Return to Transcripts main page

CNN Live Today

Troop Movements Under Way in Iraq

Aired February 27, 2003 - 10:07   ET

THIS IS A RUSH TRANSCRIPT. THIS COPY MAY NOT BE IN ITS FINAL FORM AND MAY BE UPDATED.


THIS IS A RUSH TRANSCRIPT. THIS COPY MAY NOT BE IN ITS FINAL FORM AND MAY BE UPDATED.


LEON HARRIS, CNN ANCHOR: U.S. officials are telling CNN that troop movements under way in Iraq in what is being seen now as the first major repositioning of any military forces. Now 100 heavy transporters loaded with equipment and a unit of elite Republican Guard moving from northern Iraq, and their on their way to either Saddam Hussein's ancestral homeland of Tikrit or to the capital, Baghdad, itself.
Meanwhile, Saddam Hussein revealed signs of how he envisions a war at his doorstep.

Let's go now to Baghdad, where our senior international correspondent Nic Robertson checks in with his view from.

Nic, have you picked up any signals at all of any troop movements?

NIC ROBERTSON, CNN SR. INTL. CORRESPONDENT: Leon, from where we stand in the capital, Baghdad, and we haven't traveled north toward Tikrit today, impossible for us to say from here, if those troop movements are taking place, or what they look like. We haven't been in that direction today.

However President Saddam Hussein was on television last night. We've seen that so many times before. This time it seemed just a little bit different. He was meeting with governors from provinces around the country, telling him provinces are ready if they were to be invaded. But it was what President Saddam Hussein had to say that made it different.
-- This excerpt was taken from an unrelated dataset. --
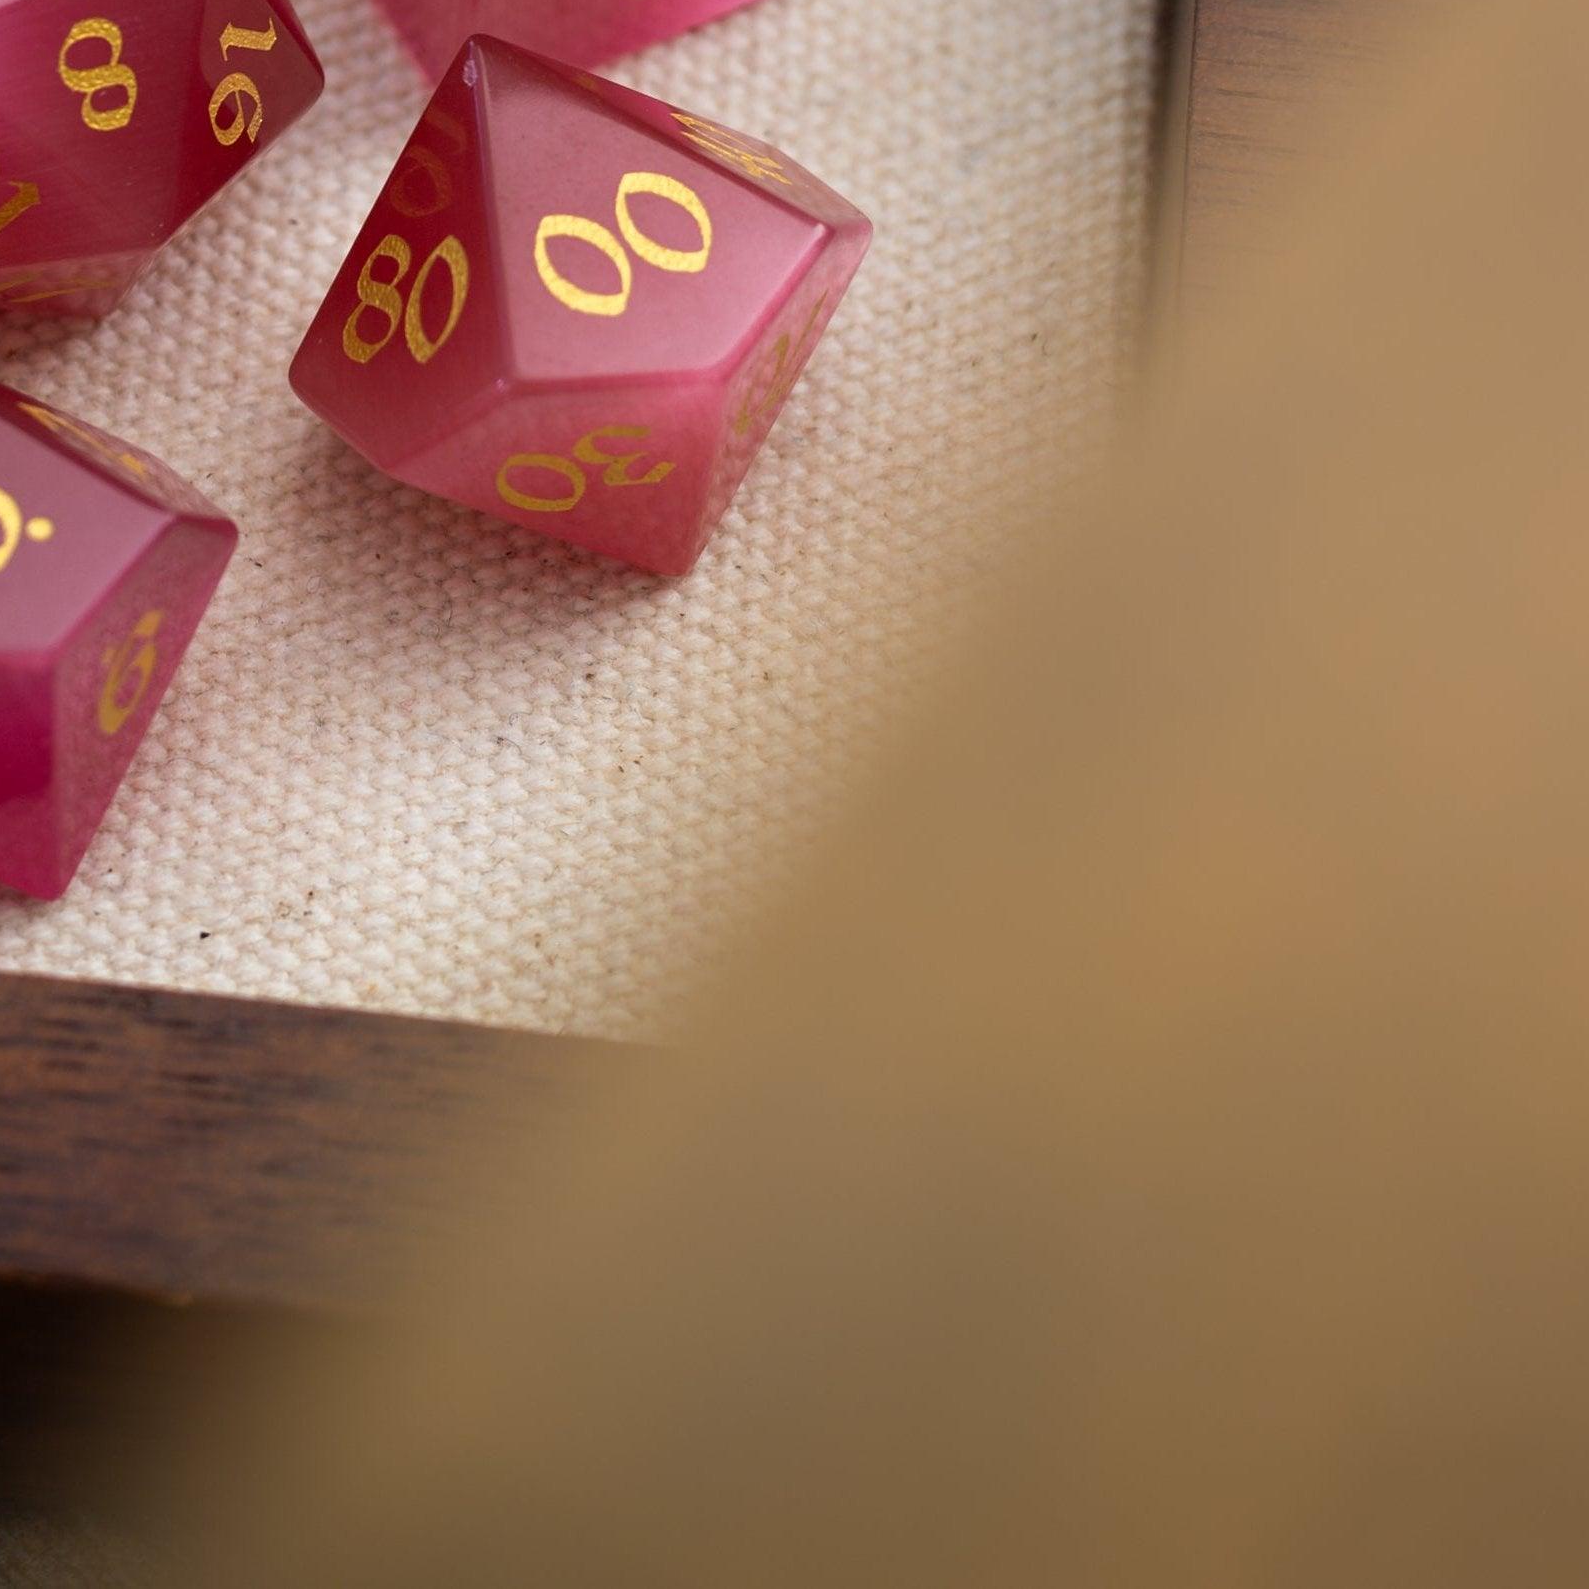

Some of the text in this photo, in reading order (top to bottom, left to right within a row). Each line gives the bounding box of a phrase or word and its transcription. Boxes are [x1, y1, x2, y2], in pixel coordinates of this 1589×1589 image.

He was talking to the people of Iraq here, and giving them really the bluntest warning they've had so far that war could be coming. He told them they should dig trenches in their garden, and if bombing should happen get in the trenches, because if their houses were hit, they might therefore be safe. We haven't heard this sort of very blunt language that people of Iraq before.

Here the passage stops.